Directions for this task: Pictures aside, every line of the listing should be given again exactly.

----------

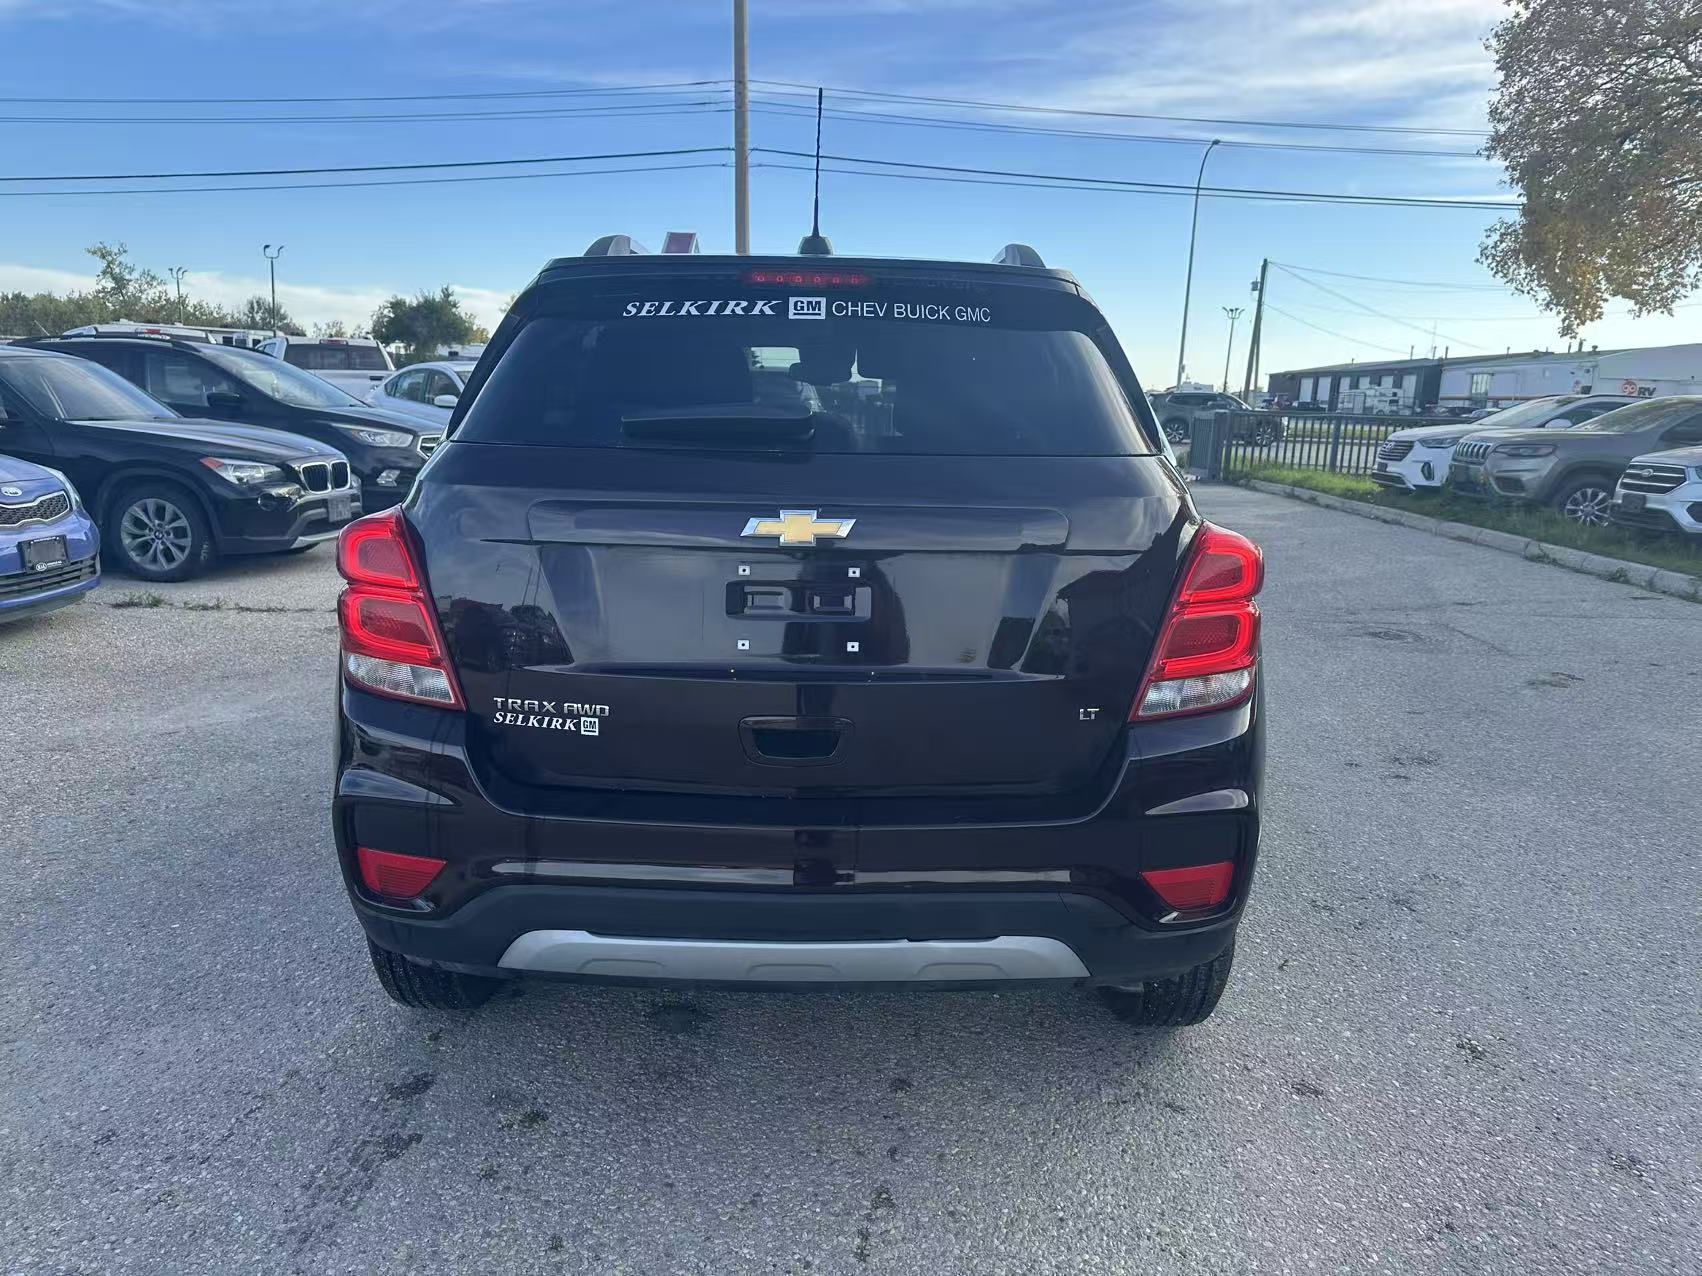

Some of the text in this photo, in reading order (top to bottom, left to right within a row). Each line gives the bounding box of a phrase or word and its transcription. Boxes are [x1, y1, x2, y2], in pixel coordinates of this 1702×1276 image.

[623, 298, 991, 322] SELKIRK GM CHEV BUICK GMC
[1637, 386, 1656, 396] RV
[493, 697, 609, 716] TRAX AWD
[1079, 708, 1099, 720] LT
[493, 711, 598, 733] SELKIRK GM
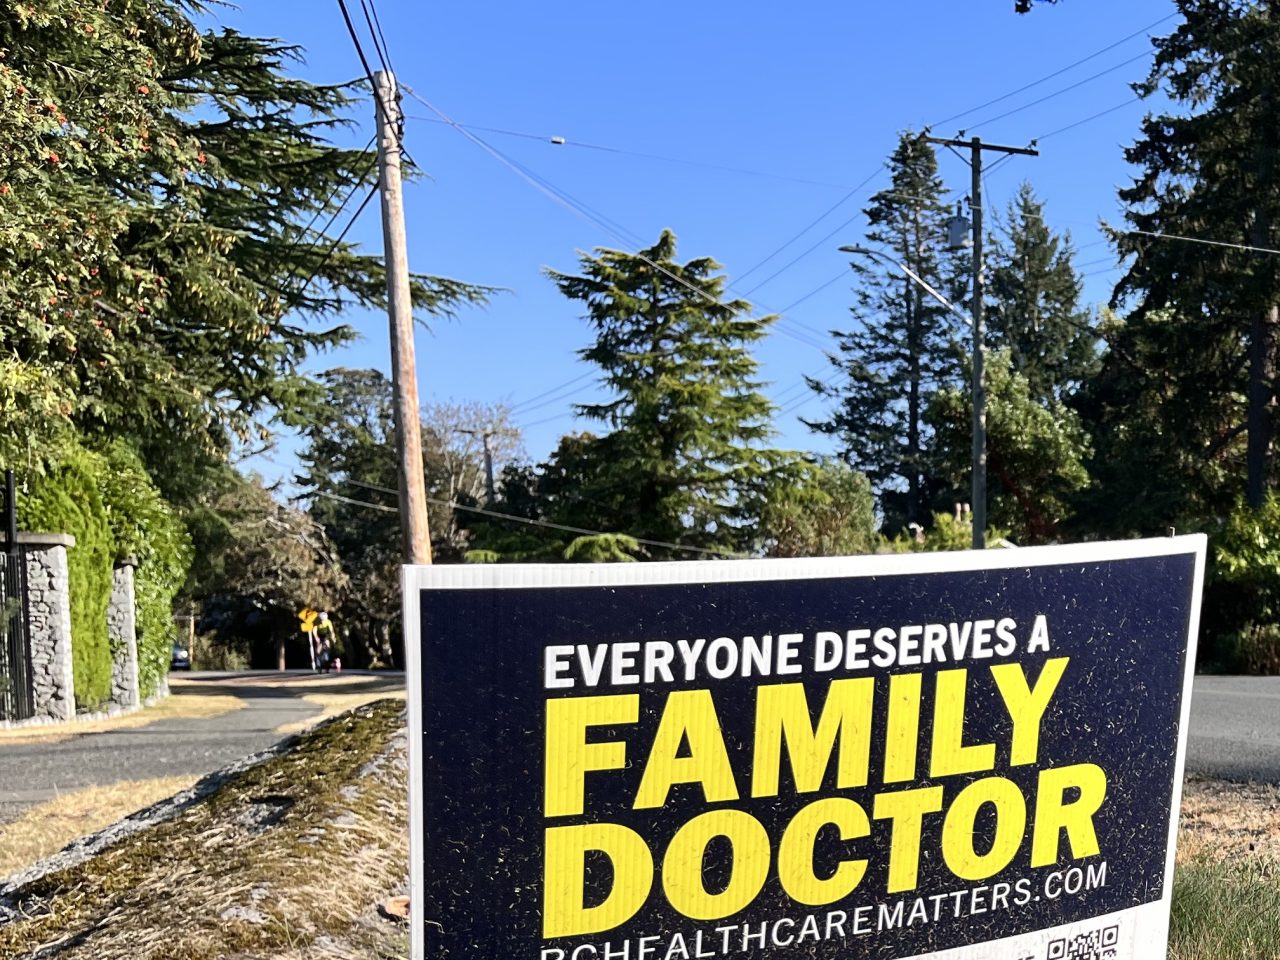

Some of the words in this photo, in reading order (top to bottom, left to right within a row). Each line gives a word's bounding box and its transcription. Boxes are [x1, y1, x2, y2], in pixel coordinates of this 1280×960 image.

----------

Written answer:
Some of the text in this photo, in reading order (top to bottom, left to right within a row). Each line gives the bounding box of a phrase or word and its transcription. Boxes are [x1, y1, x2, y2], in pixel coordinates of this 1702×1276 image.

[623, 298, 991, 322] SELKIRK GM CHEV BUICK GMC
[1637, 386, 1656, 396] RV
[493, 697, 609, 716] TRAX AWD
[1079, 708, 1099, 720] LT
[493, 711, 598, 733] SELKIRK GM

Some of the words in this photo, in reading order (top to bottom, left to right within a row). Each line gives a word's bounding box and its transcription. Boxes are [x1, y1, x2, y2], in pixel coordinates of this 1280×960 image.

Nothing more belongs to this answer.